The red jeep from TJ at Carmel Mountain Ranch Marshalls

Manuel Alvarez
Manuel Alvarez

After California lawmakers changed the threshold for felony theft to $950, the surge of shoplifters has become notorious. But retailers apparently have organized in Southern California in effort to survive.

At a recent court hearing it was revealed that San Diego has an Organized Retail Crime Alliance, which is part of a national task force. A witness identified as “Dee Dee” said she is an investigator for this alliance, and she researches crimes that target certain stores even across multiple counties. Dee Dee said these organized thieves resell the stolen goods at swap meets, using online platforms, and in Mexico.

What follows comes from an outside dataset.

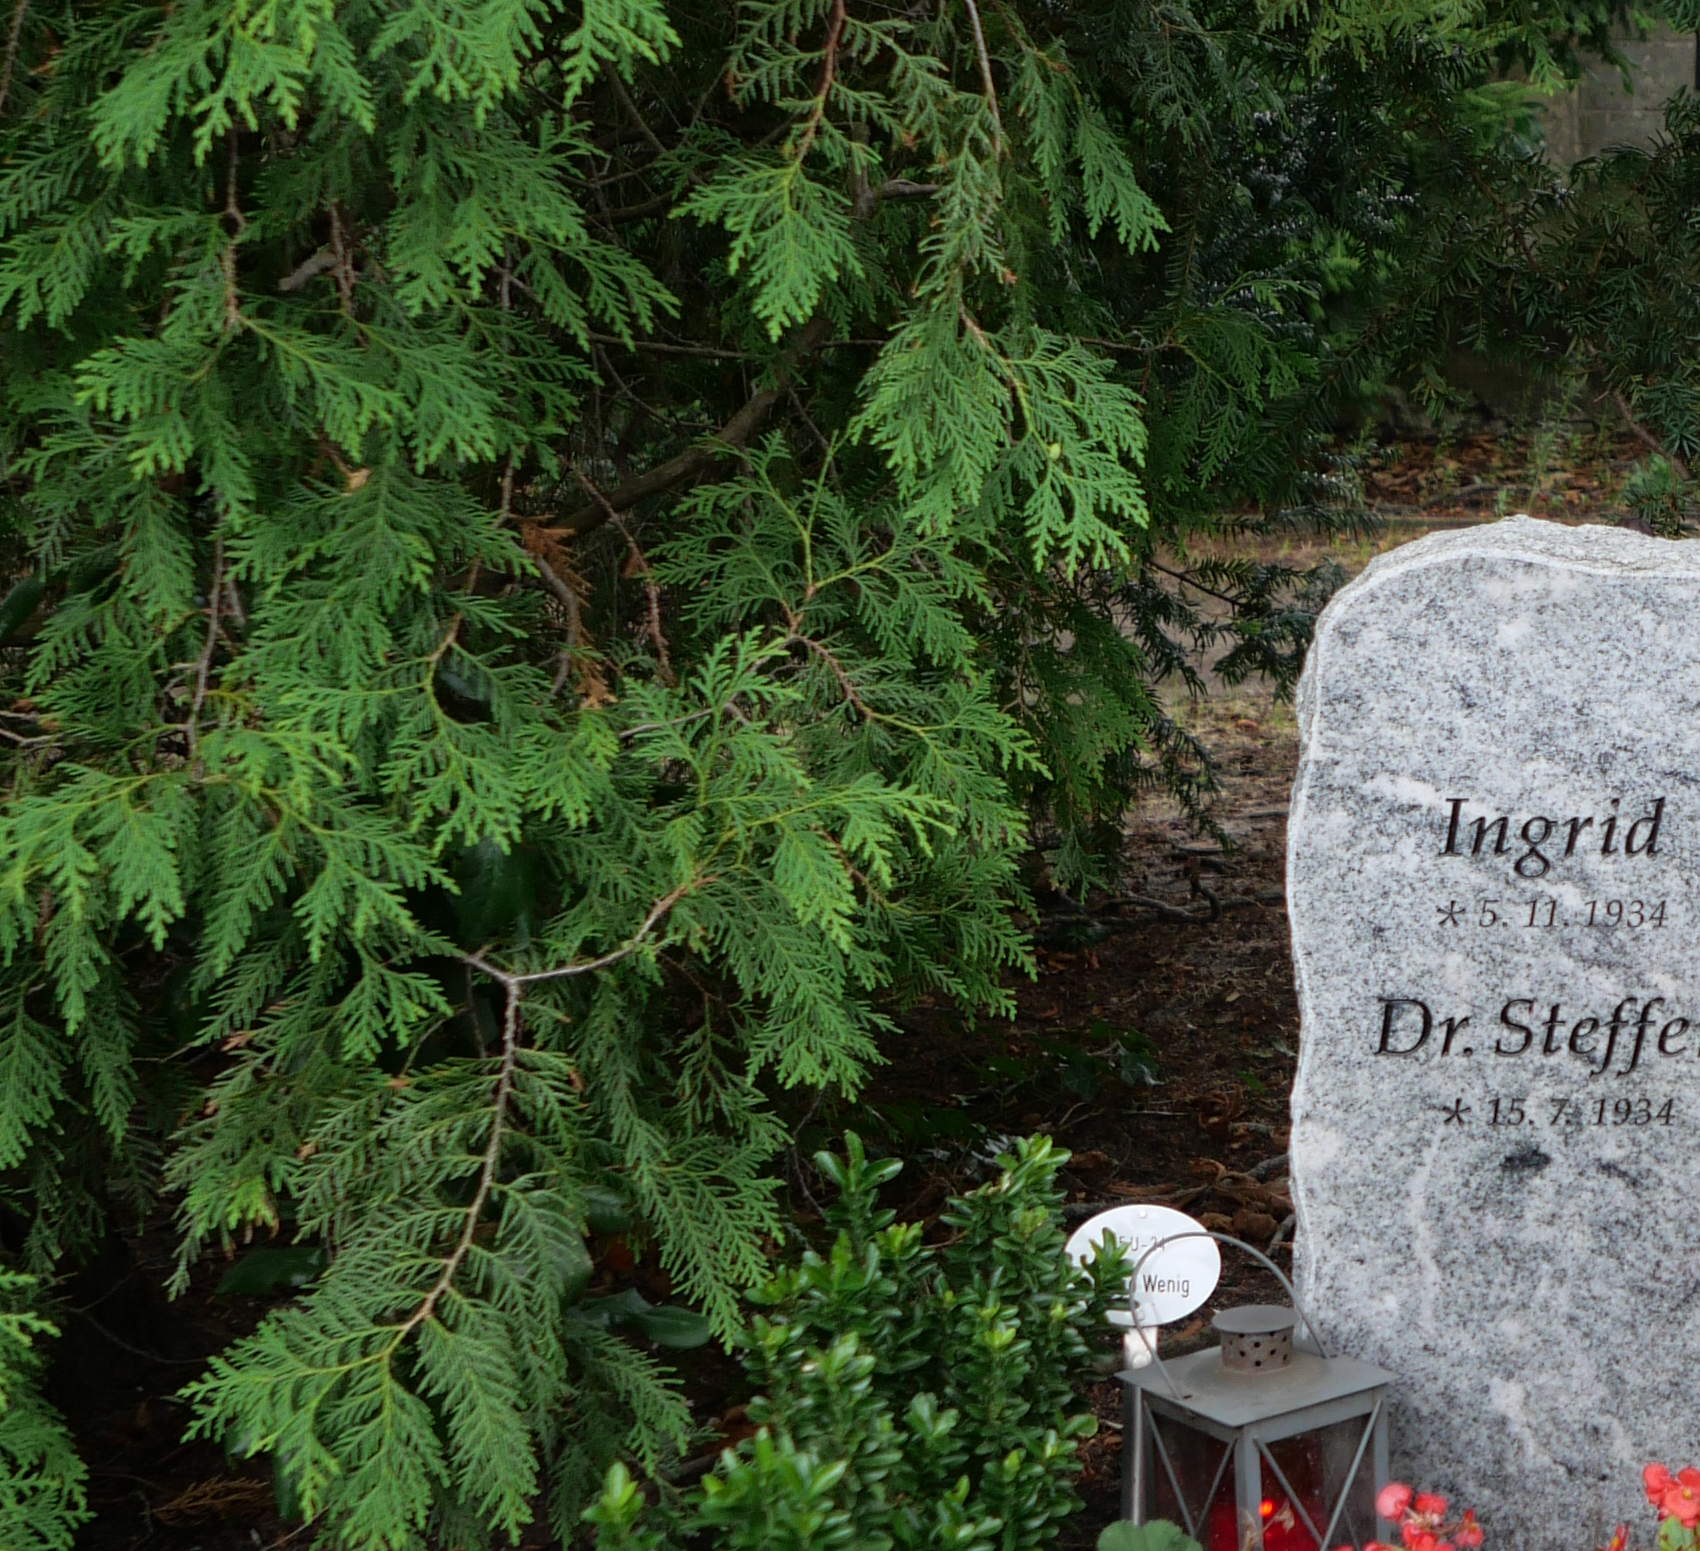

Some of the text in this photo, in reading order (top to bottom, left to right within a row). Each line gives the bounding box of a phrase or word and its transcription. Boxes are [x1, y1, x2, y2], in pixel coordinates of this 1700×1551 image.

Dee Dee said she studies surveillance videos from stores that have stationary and “hand-tilt systems.” Photo evidence was collected from 62 stores, including JCPenney, Macy’s, Marshalls, TJ Maxx. The area extends from South Orange County, east to Indio, and south to the border in San Ysidro. Private investigators gather evidence which are presented to law enforcement and shared with retailers.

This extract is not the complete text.